Desane argued that the purpose of the acquisition should have been stated on the form.
The Court said that the identification of the public purpose in the PAN, was a requirement of the former Public Works Act 1912 (NSW), but not of the Just Terms Act. In any event, it was not necessary given that reference was made in the covering letter and the opportunity the landowner was given to negotiate the acquisition:
A critical feature of the Just Terms Act is the requirement for a six month period of [good faith] negotiation between a landowner and an acquiring authority prior to the issue of a PAN [during which a landowner can request information about the acquisition] (paragraph 258).
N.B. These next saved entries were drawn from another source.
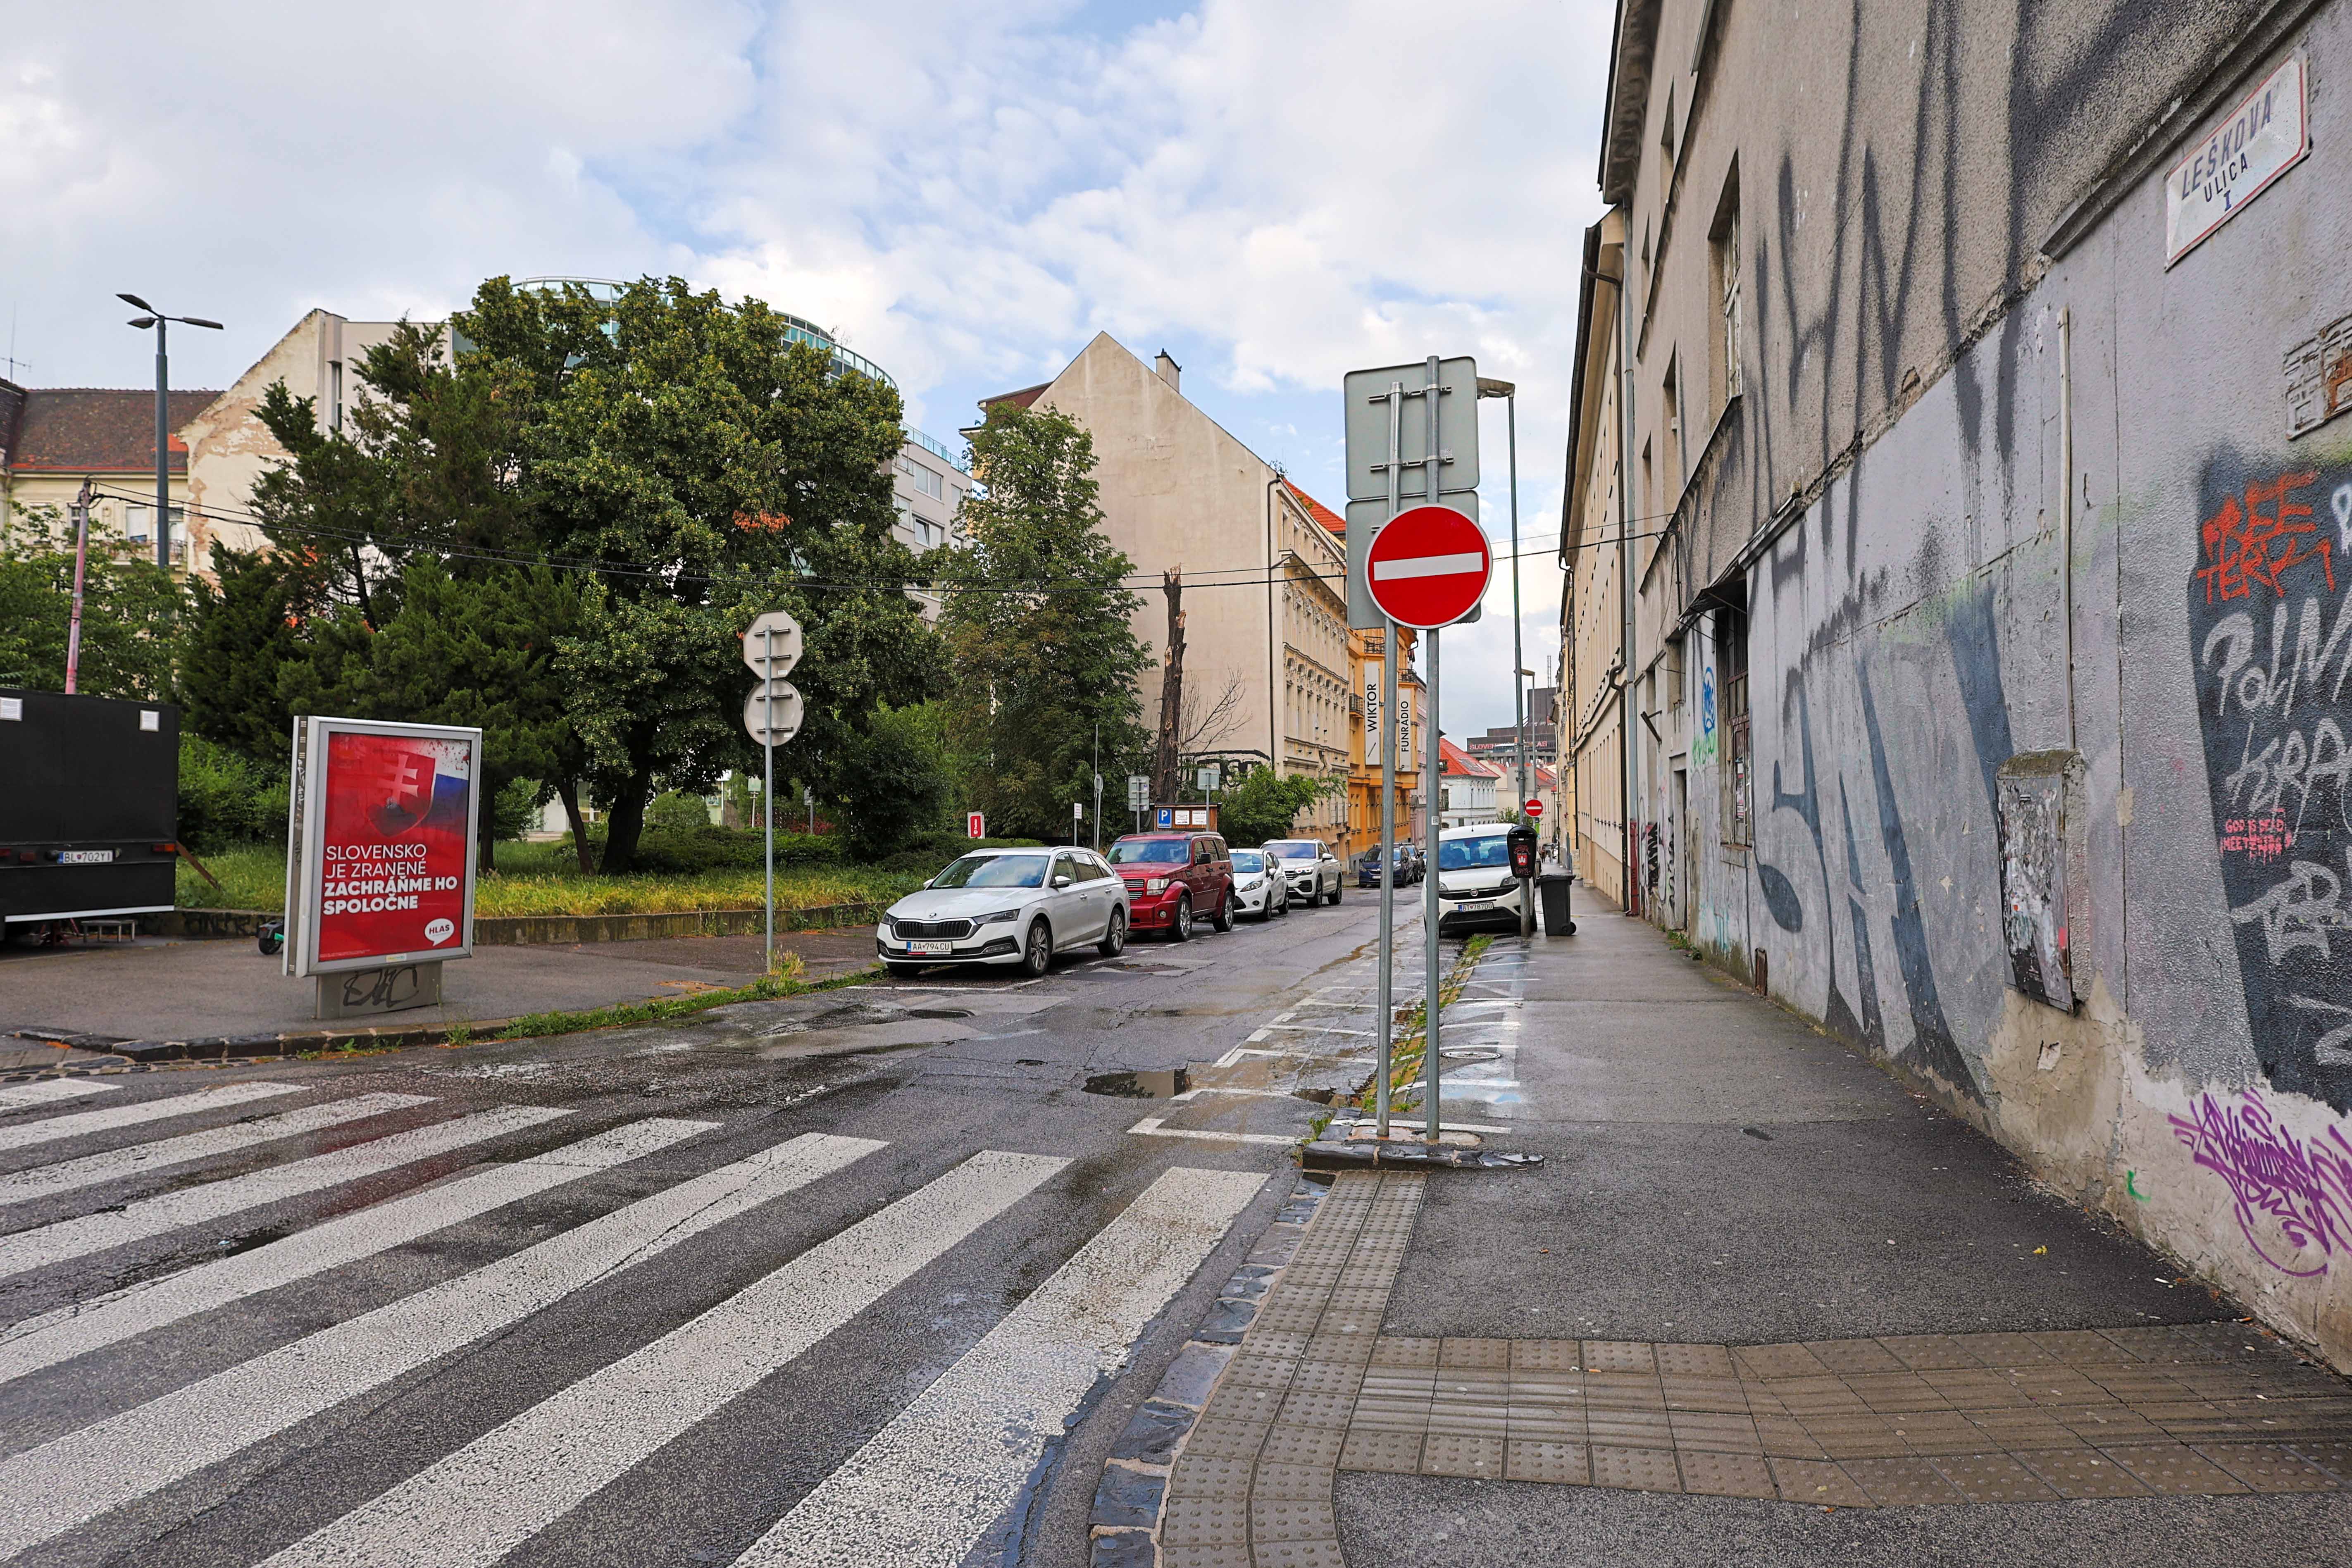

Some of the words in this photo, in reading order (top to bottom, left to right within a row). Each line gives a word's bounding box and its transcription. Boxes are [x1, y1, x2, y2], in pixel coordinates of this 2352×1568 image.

[2182, 90, 2271, 200] LEŠKOVA
[2204, 152, 2248, 203] ULICA
[1367, 683, 1377, 732] WIKTOR
[1161, 810, 1168, 821] P
[2225, 819, 2245, 833] GOD
[325, 844, 427, 860] SLOVENSKO
[325, 863, 346, 879] JE
[351, 858, 427, 878] ZRANENÉ
[324, 875, 432, 897] ZACHRÁŇME
[434, 876, 458, 890] HO
[323, 893, 419, 915] SPOLOČNE
[429, 924, 450, 934] HLAS
Finally, the Court addressed the ‘improper purpose claim’ raised by Desane that the acquisition was not needed, except for parkland. The Court analysed the evidence as a whole and concluded:
While there remained uncertainty as to how the land would be used within the envelope of a construction site, there was no uncertainty that it would be used as part of a construction site and no need to identify the specific use with precision at the time the PAN was issued. (paragraph 302)
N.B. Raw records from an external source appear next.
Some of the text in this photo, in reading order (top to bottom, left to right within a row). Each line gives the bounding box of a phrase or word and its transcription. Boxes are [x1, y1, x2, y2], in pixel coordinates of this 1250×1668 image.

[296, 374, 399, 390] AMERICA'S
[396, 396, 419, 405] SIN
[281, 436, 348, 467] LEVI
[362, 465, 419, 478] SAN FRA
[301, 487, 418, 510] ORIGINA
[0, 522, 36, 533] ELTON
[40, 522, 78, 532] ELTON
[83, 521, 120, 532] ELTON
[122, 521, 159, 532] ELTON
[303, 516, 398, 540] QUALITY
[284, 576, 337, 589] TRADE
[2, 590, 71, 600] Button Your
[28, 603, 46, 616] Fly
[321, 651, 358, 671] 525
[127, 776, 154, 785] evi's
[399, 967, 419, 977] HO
The precise use of the Desane property for the purposes of constructing the Rozelle Interchange would naturally evolve over time and did not need to be identified with precision at the time the PAN was issued. (paragraph 308)
Therefore, there was no improper purpose on the part of the RMS when the PAN was issued.
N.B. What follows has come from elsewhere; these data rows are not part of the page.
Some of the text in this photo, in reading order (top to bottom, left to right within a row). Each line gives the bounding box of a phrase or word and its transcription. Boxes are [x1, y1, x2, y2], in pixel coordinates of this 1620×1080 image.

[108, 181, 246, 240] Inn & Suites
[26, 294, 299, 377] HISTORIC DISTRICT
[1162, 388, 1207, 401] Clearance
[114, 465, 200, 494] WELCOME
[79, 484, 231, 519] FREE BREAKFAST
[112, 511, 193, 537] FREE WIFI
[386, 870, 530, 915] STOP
The Court upheld the validity of the PAN and so allowed the appeal by RMS. Desane was ordered to pay the legal costs of RMS on the appeal, while the order that RMS was to pay Desane’s legal costs of the trial was not disturbed.
Commentary - The commercial advantage
The objective of commercial litigation is often commercial advantage, through use of legal processes.
So it was in this case, that by instituting proceedings in August 2017, Desane delayed the commencement of the Rozelle Interchange until the proceedings were determined.
Did Desane achieve a commercial gain?
On 4 August, 2017, Desane Group Holdings Ltd announced to the ASX that it had received an offer from RMS to purchase the property for $18.4 million (which took no account of the significant development potential half a hectare of land in inner-city Rozelle).
On 10 August 2017, Desane instituted legal proceedings.
On 7 September 2018 (the day after the Court of Appeal decision), Desane announced to the ASX that it had entered into a Contract for Sale of the property to RMS for $78 million plus GST. This was a satisfactory commercial resolution to the legal proceedings!
Commentary - The public benefit
On a broader view, by taking the proceedings Desane benefited the whole community.
In the proceedings, Desane highlighted the ambiguity in the RMS plans for the land. For instance, in 2017, the site was designated as ‘light vehicle parking’ during construction. In the proceedings, the RMS accepted that the property would “be used as parkland” after the road works were completed.
This acceptance leaves little scope for the NSW Government to change its plans to re-zone and re-sell the property for high density residential/commercial, as ‘value capture’, after the Rozelle Interchange is completed.
As a result, the public benefit is that instead of “up to 10 hectares”, a full “10 hectares of open space and green parkland” will be provided.